С этими словами она ушла.
Спустя несколько минут она вернулась и еще в нескольких шагах от столика возобновила разговор, воскликнула:
— Здесь все прямо-таки окутано новизной! Вы гляньте-ка по сторонам: все новое, свежее, только что народившееся. Ни единого воспоминания о старом! Вообще, в каждом доме и в каждой семье, наверно, есть какая-нибудь старая мебель, намек, частичка давних времен, ее по-прежнему любят и чтут, поскольку считают прекрасной, как считают прекрасной сцену расставания или меланхоличный солнечный закат. Вы замечаете здесь нечто подобное, пусть самую малость? Мне это кажется головокружительной, легкой аркой мостика в еще неисповедимое будущее. О, смотреть в будущее куда лучше, чем грезить о прошлом. Конечно, думая о будущем, тоже грезишь. Разве в нем не присутствует нечто чудесное? Не стоит ли людям тонко мыслящим дарить свое тепло и упования грядущим, а не минувшим дням? Грядущие времена для нас как дети, которые куда больше нуждаются во внимании, нежели могилы усопших, какие мы украшаем, пожалуй, с несколько преувеличенной любовью, — минувшие времена! Живописцу не мешало бы теперь придумывать костюмы людей грядущего, которым достанет изящества носить их благоприлично и свободно, а поэт пусть отыщет добродетели для сильных, не снедаемых тоскою людей, зодчий пусть постарается найти формы, которые придадут камню и строительству восхитительный порыв, пусть отправится в лес и приметит, как высоко и благородно вырастают из земли ели, и возьмет их за образец будущих построек, а человеку вообще должно, размышляя о грядущем, отбросить много низкого, неблагородного и негодного и шепнуть, как умеет, свои мысли на ухо жене, когда она подставляет ему губы для поцелуя, а она пусть улыбнется в ответ. Мы умеем улыбкой поощрять вас, мужчин, к делам и воображаем, будто выполнили свою задачу, коли сумели весьма живо и прелестно донести до вас вашу. Мы больше радуемся сделанному вами, нежели тому, что свершаем сами. Читаем книги, которые пишете вы, и думаем: ну что бы им чуть больше делать и чуть меньше писать. Вообще, мы не ведаем ничего более плодотворного, как подчинение вам. Что еще мы умеем? И с какою охотой мы подчиняемся. Но если говорить о будущем, то я, конечно, забыла об этой смелой дуге над темной водой, о лесе, полном деревьев, о ребенке с лучистыми глазами, о несказанном, которое все время хочется поймать в слова, будто в сети. Нет, по-моему, настоящее и есть будущее. Вы не находите, что здесь все вокруг дышит лишь настоящим?

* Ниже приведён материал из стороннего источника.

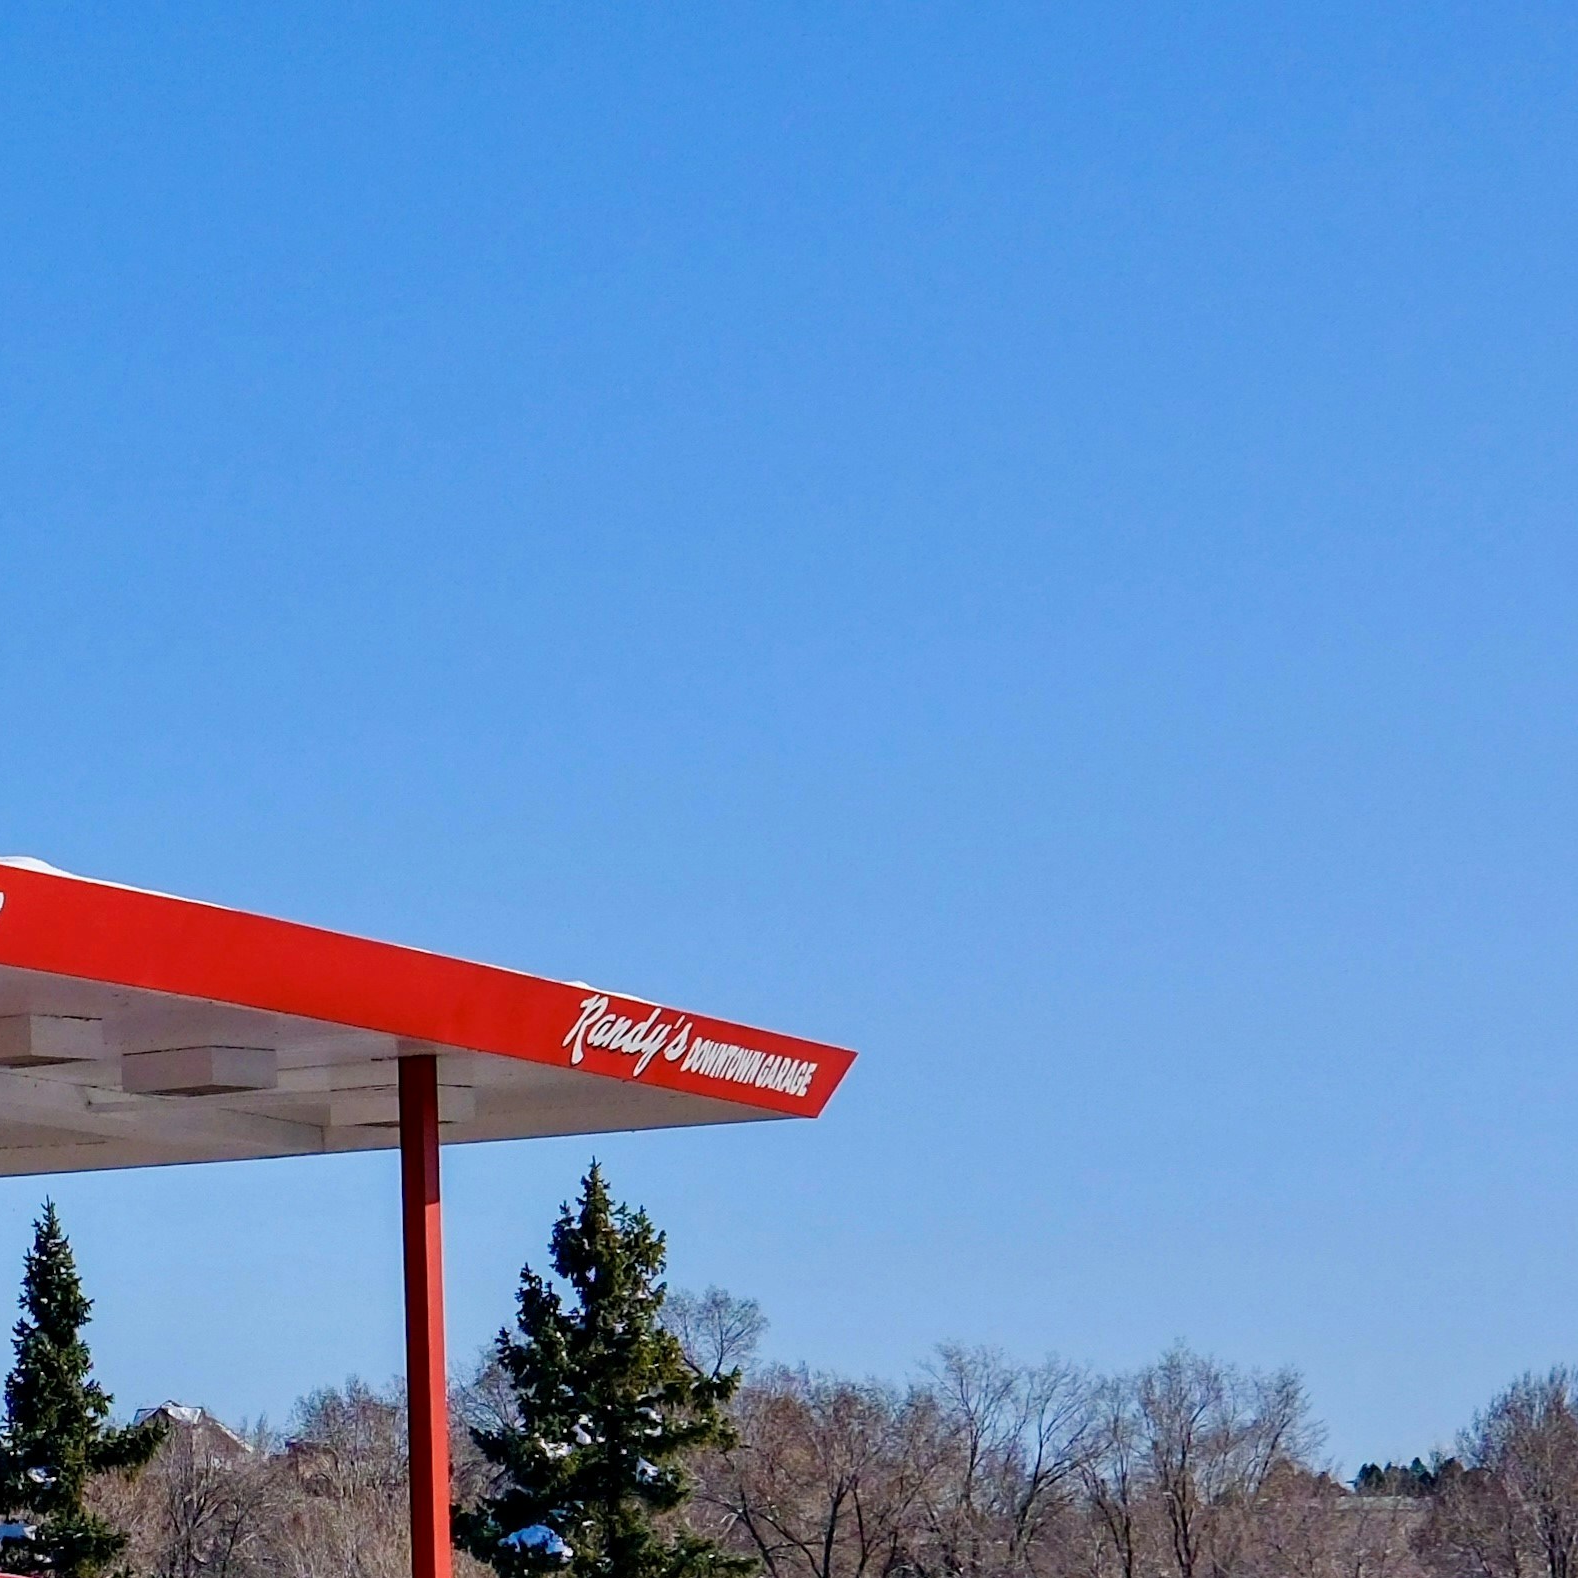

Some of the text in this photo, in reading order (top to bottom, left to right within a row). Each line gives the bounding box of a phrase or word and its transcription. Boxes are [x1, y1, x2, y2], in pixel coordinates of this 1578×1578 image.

— Да, нахожу, — отвечал Симон.
— На дворе теперь ужасно суровая зима, здесь же так тепло, в самый раз, чтобы вести разговоры, и я сижу подле вас, подле совсем молодого, как будто слегка опустившегося человека, и в конечном счете забываю о своих обязанностях. В вашем облике есть что-то завораживающее, вы знаете? Так и хочется сию же минуту влепить вам пощечину, от тайной злости, что вы этак глупо сидите тут и странным образом умудряетесь соблазнить другого терять с вами, случайным гостем, драгоценное время. Знаете что: вы все-таки можете еще побыть здесь. Ведь вам это определенно ничего не стоит. Тогда я совершу еще один набег на ваши уши. А сейчас меня ждут обязанности.
И она опять ушла.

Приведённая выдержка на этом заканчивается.